It is with tongue somewhat in cheek that I present this as a debate between
us. We aren't on different "sides", but hopefully our differing viewpoints
can, as debate, be useful to cj readers.

Of course differences between `left' and `right' are easy to identify.  And
I too count myself on the left, and find myself in opposition to right-wing
views most of the time.

It is also true that `divide and conquer' is one of the elite's most
effective strategies for neutralizing the potential of a democratic
uprising.

I suggest that we need to take a more movement-strategic perspective on the
issue of left vs right (and men vs women, labor vs environmentalists, etc).
By this I do _not mean compromising principles, I do not mean an alliance
with the devil.  I do mean to look deeper into what the left and right
really are.

At the bottom of all "isms" there are real human beings, striving to find
political relevance, and choosing between the various "isms" offered to
them.  At the top, we have the mass media and other forms of illegitimate
"leadership" defining what left, right, and other isms mean, accompanied by
all sorts of dis-information.

Those who say they're on the left or right don't really influence
government policy. Government policy is determined exclusively by elite
corporate interests.  The rhetoric of the left and right is simply brought
in as part of a pretense that government policy is in response to popular
pressure.

In my own efforts to make sense of the world, and to come up with political
strategies, I find that people on both the left and right have part of the
answers, and that both wear partial blinders.  And I find that both groups
are allergic to talking with one another.  They've both been sytematically
vaccinated against dialog -- that's how divide-and-conquer works.

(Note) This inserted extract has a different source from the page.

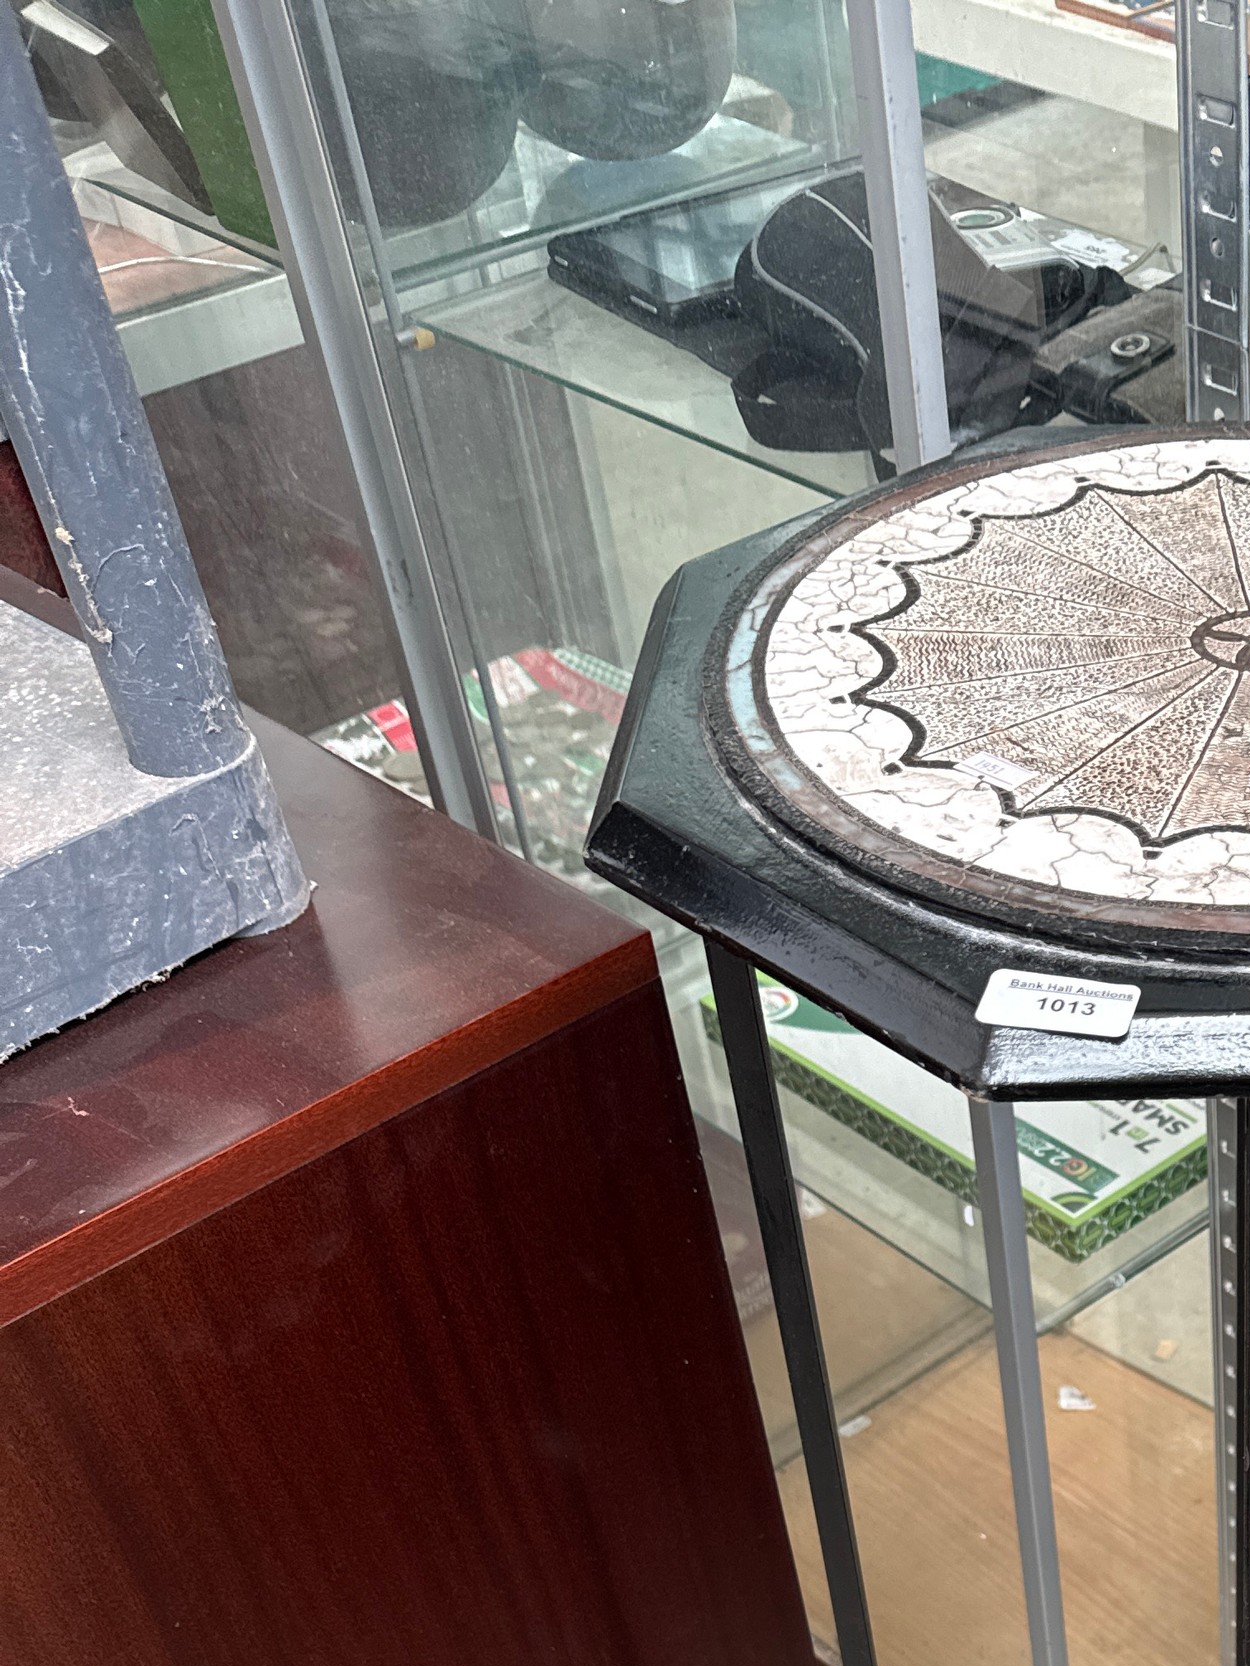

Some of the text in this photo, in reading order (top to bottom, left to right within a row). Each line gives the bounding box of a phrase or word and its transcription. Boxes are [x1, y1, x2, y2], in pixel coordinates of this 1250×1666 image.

[1009, 978, 1134, 1001] Bank Hall Auctions
[1036, 997, 1097, 1016] 1013
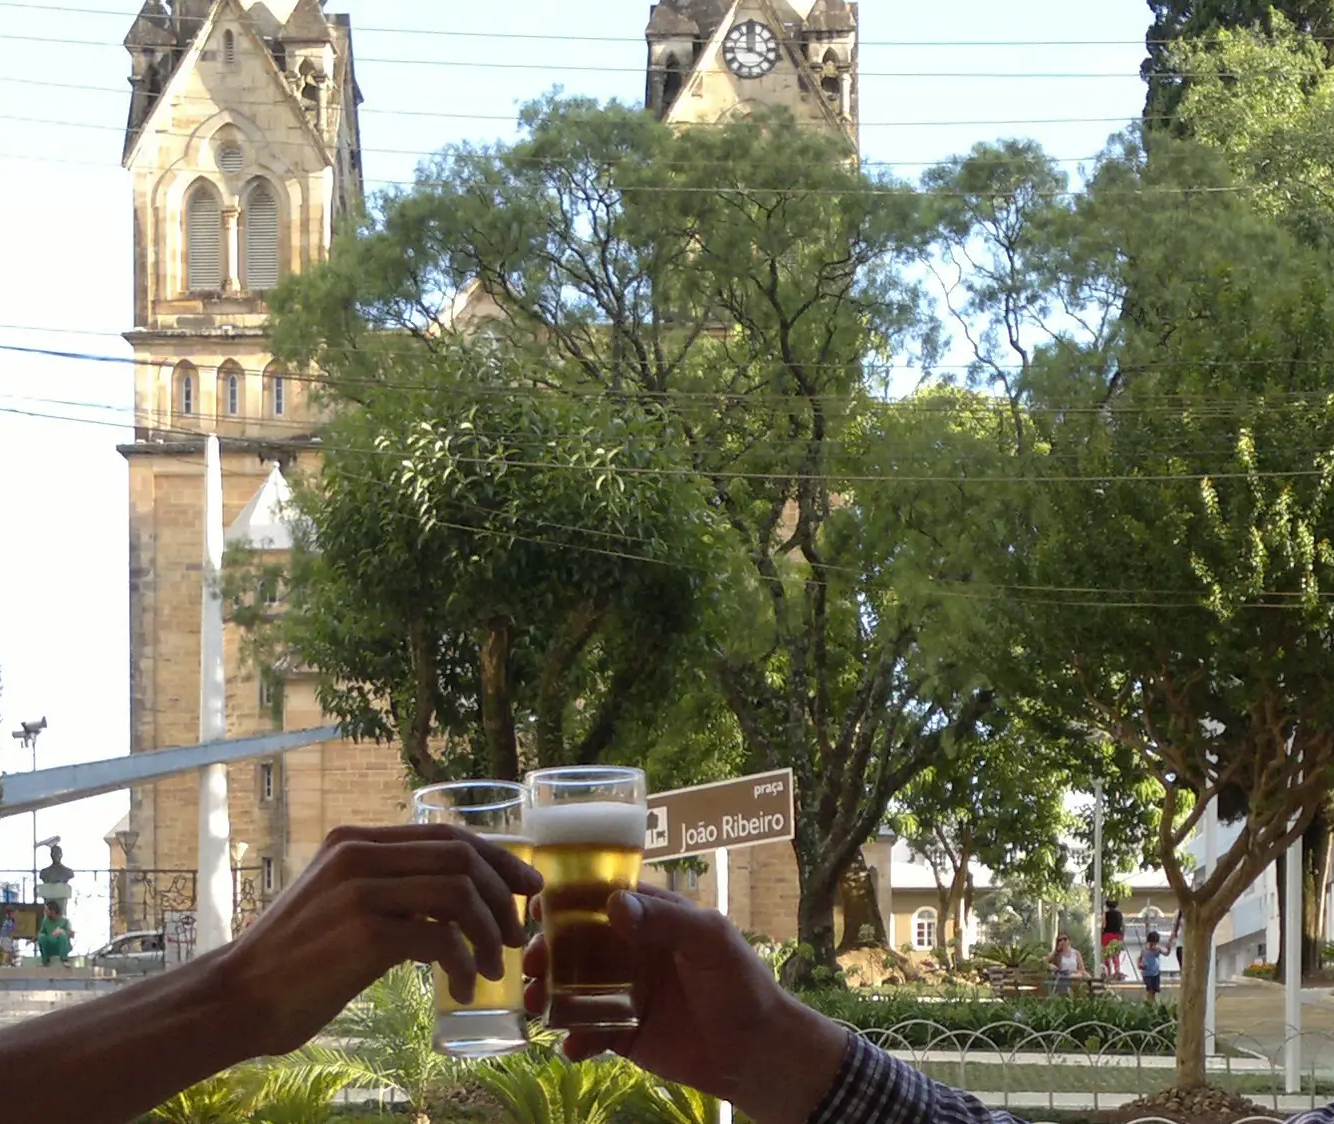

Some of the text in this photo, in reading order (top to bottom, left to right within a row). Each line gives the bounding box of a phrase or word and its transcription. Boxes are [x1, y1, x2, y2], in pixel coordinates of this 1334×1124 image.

 >only the left has a valid, consistent social
 >analysis of why this is so (see previous sentence).
 >This can profoundly affect political action or forming a movement.

I don't see the left in the US as having any shared analysis, let alone a
valid and consistent one. The left is scattered, it follows a thousand
causes, it has no longer any program -- it spends its time identifying
evils and inconsistencies in the establishment.  It throws pies from the
back row of the theater, it doesn't compete to be on the stage.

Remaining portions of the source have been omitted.